Processing of β-amyloid precursor protein in microglia and astrocytes favors an internal localization over constitutive secretion

Abstract

Microglial cells and astrocytes are closely associated with nearly all compact deposits of the amyloid β-protein found in the senile plaques characteristic of Alzheimer's disease and trisomy 21. The biosynthesis and metabolic fate of the β-amyloid precursor protein (βAPP) in astrocytes has not been characterized, and its identification in microglia has not been described. Here, we report the expression of βAPP by astrocytes and microglia in primary cultures of cerebral cortex from newborn rats. Using metabolic labeling followed by immunoprecipitation, we show that both astrocytes and microglia express substantial amounts of the major isoforms of βAPP. This is confirmed by PCR-mediated amplification of the corresponding mRNAs, showing that all three major transcripts (βAPP695, βAPP751, and βAPP770) are present in relatively equal amounts.
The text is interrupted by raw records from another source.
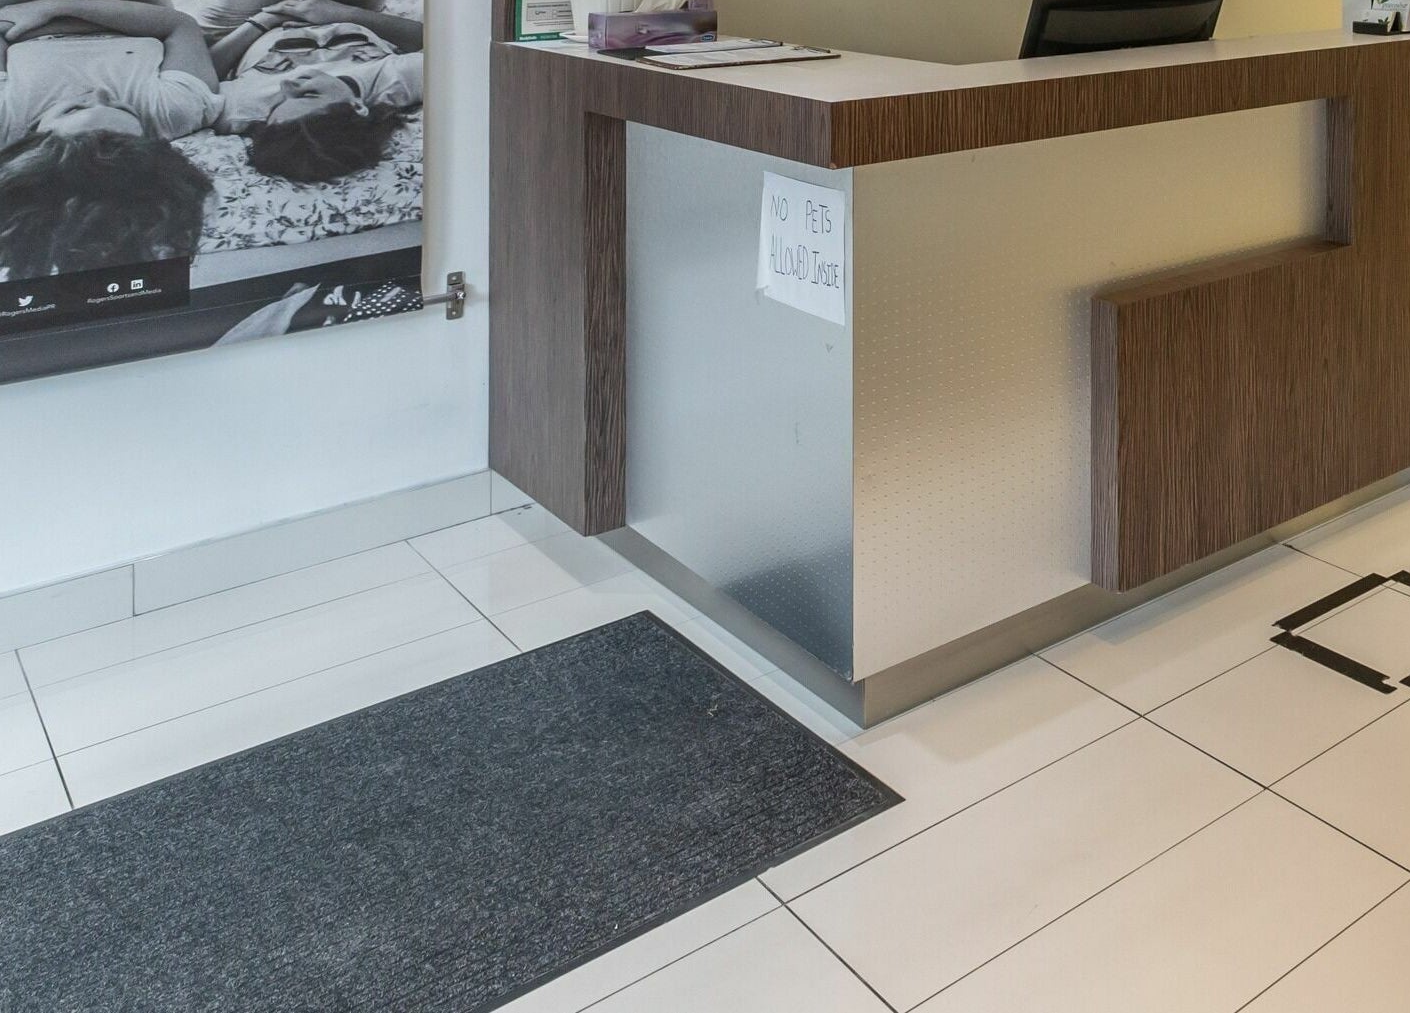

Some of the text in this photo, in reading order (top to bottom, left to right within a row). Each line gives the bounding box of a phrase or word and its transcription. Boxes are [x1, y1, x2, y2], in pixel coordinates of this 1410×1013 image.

[770, 195, 832, 234] NO PETS
[769, 233, 810, 282] ALLOWED
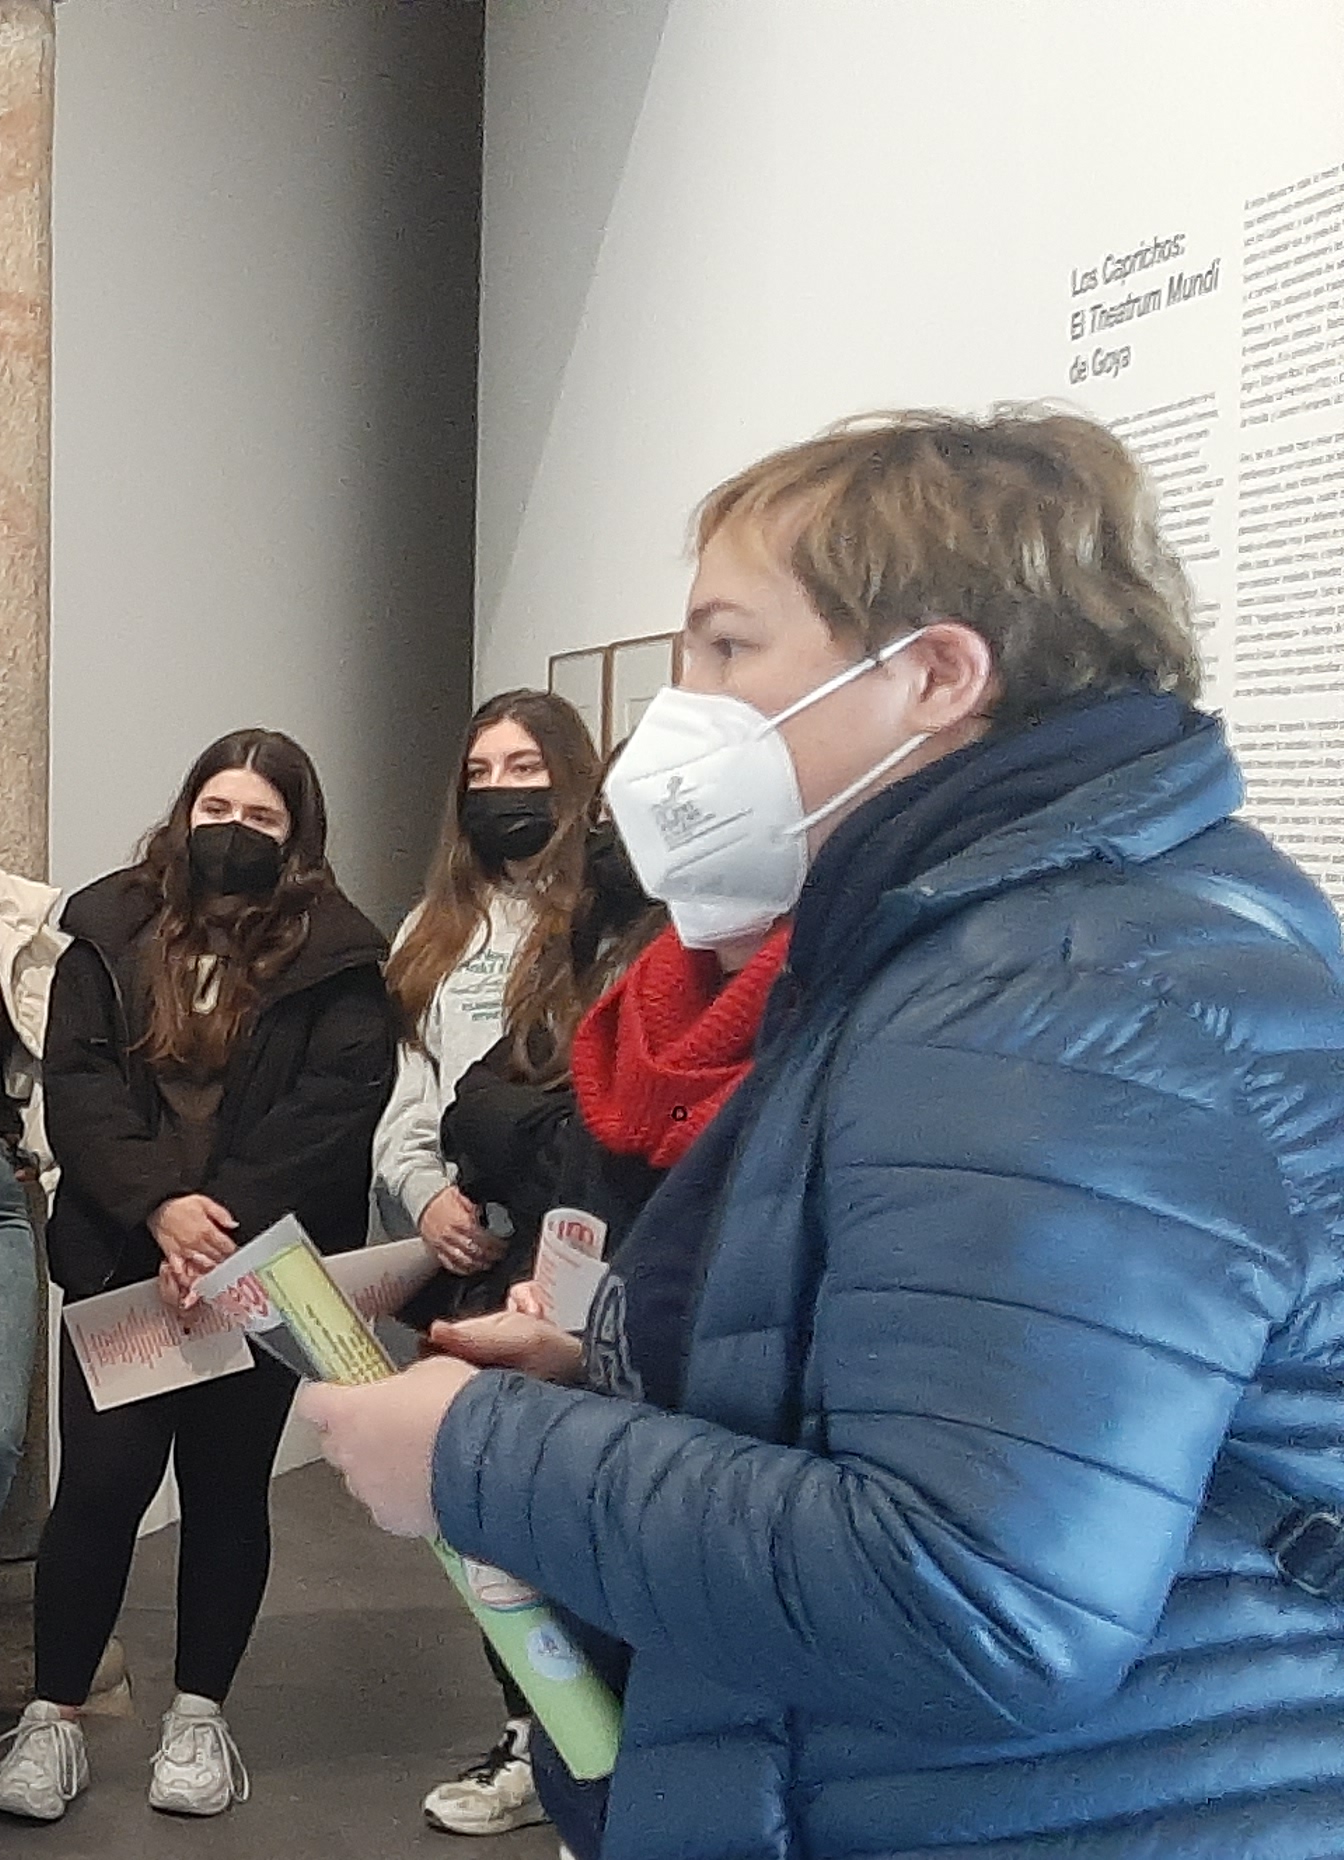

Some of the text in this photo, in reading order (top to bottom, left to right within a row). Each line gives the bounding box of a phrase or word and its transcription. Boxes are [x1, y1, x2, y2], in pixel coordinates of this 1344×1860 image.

[1071, 309, 1085, 341] El
[1166, 257, 1221, 307] Mundi
[1069, 345, 1131, 385] de Goya
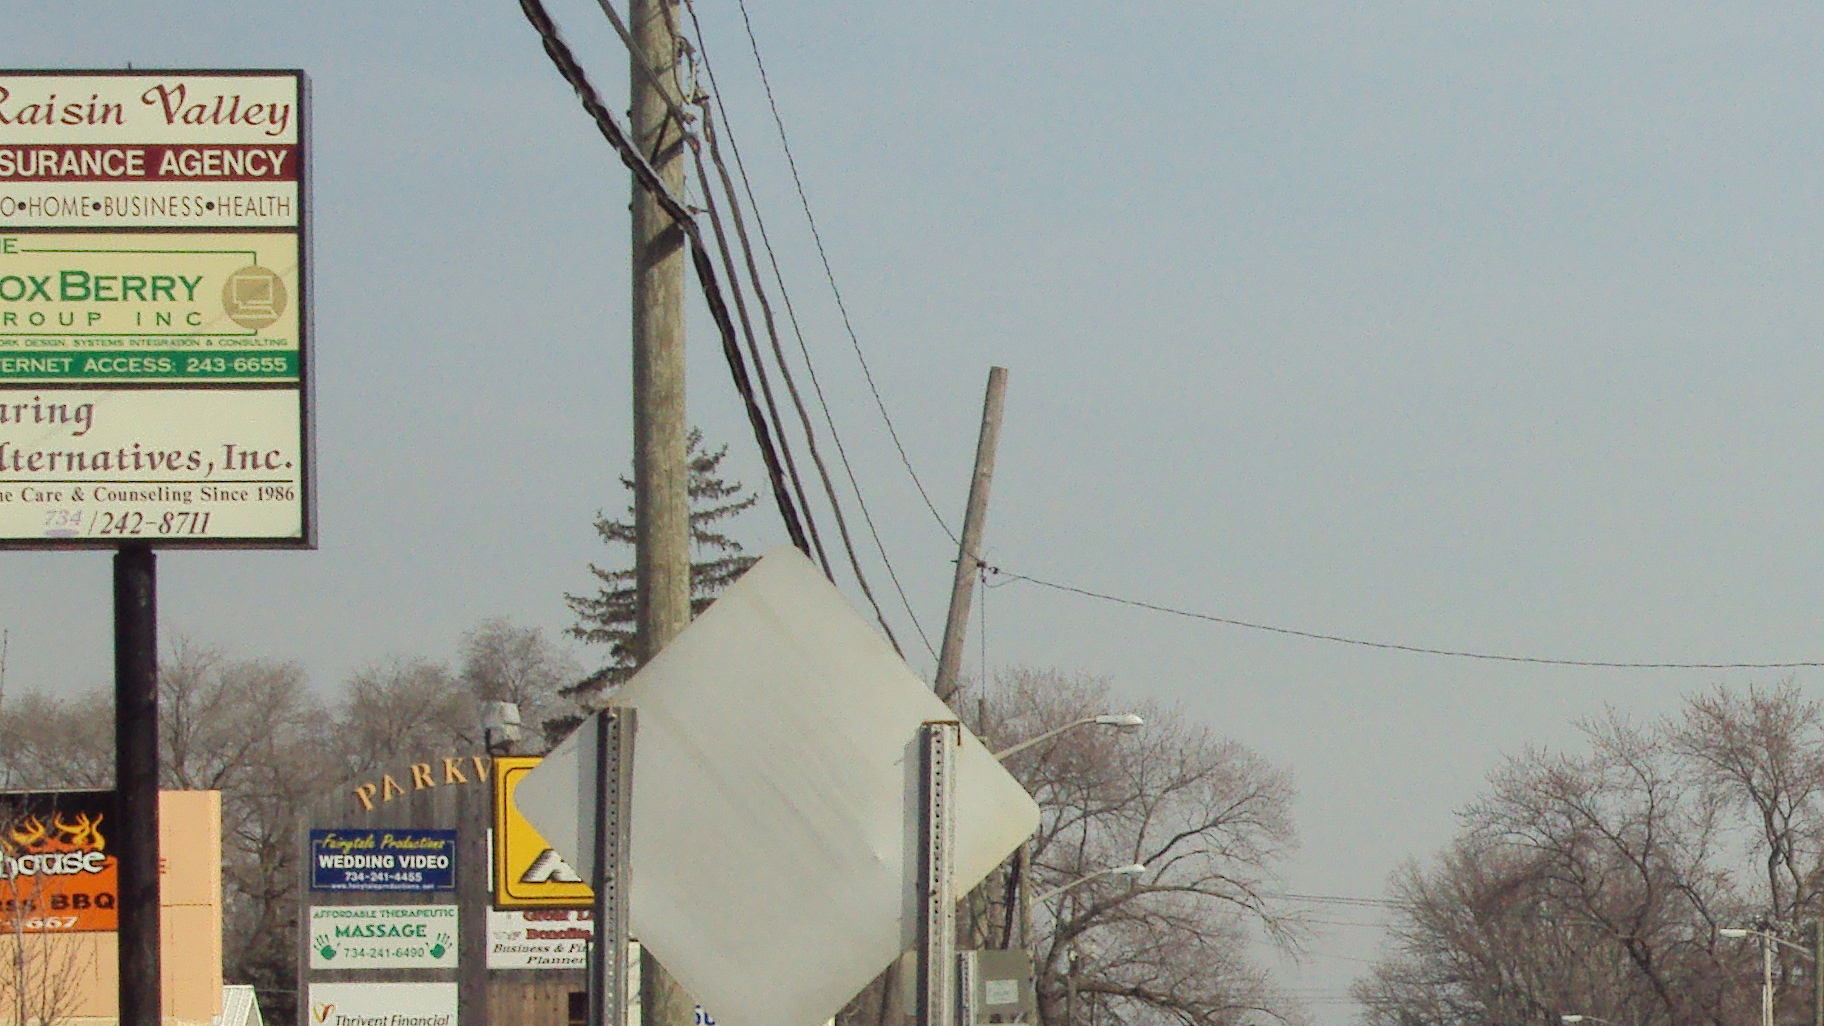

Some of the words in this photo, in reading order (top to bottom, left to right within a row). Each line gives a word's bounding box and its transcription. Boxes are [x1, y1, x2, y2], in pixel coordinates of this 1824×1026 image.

[141, 83, 290, 136] Valley
[0, 149, 146, 177] SURANCE
[158, 149, 288, 177] AGENCY
[3, 311, 101, 326] ROUP
[136, 312, 202, 327] INC
[73, 338, 124, 348] SYSTEMS
[129, 338, 200, 348] INTEGRATION
[218, 338, 288, 348] CONSULTING
[83, 357, 177, 373] ACCESS:
[186, 357, 288, 373] 243-6655
[21, 486, 63, 502] Care
[71, 487, 85, 502] &
[94, 486, 193, 504] Counseling
[200, 486, 249, 501] Since
[257, 486, 295, 501] 1986
[318, 854, 395, 869] WEDDING
[399, 854, 449, 869] VIDEO
[51, 892, 115, 910] BBQ
[313, 909, 377, 919] AFFORDABLE
[379, 908, 455, 918] THERAPEUTIC
[335, 923, 427, 938] MASSAGE
[492, 943, 551, 953] Business
[553, 944, 564, 953] &
[336, 1014, 388, 1026] Thrivent
[391, 1014, 450, 1026] Financial
Despite rapid turnover of the precursor, astrocytes and microglia show a reduced production of soluble fragments of βAPP compared to cells transfected with βAPP cDNAs. The relative amount of soluble βAPP molecules generated is both cell type and isoform specific. Immunocytochemistry reveals that full-length βAPP is located in internal membranous vesicles, with only very little insertion at the cell surface. The latter data are in agreement with the reduced ability of microglia and astrocytes to cleave the βAPP into soluble derivatives. Our findings indicate that both astrocytes and microglia strongly express all three major forms of βAPP but apparently process these molecules by an alternative pathway that generates very small amounts of soluble βAPP. The immunocytochemical localization and the biochemical data lead to the suggestion that βAPP may not function principally as a cell surface or secreted protein in vivo but may have an important intracellular function.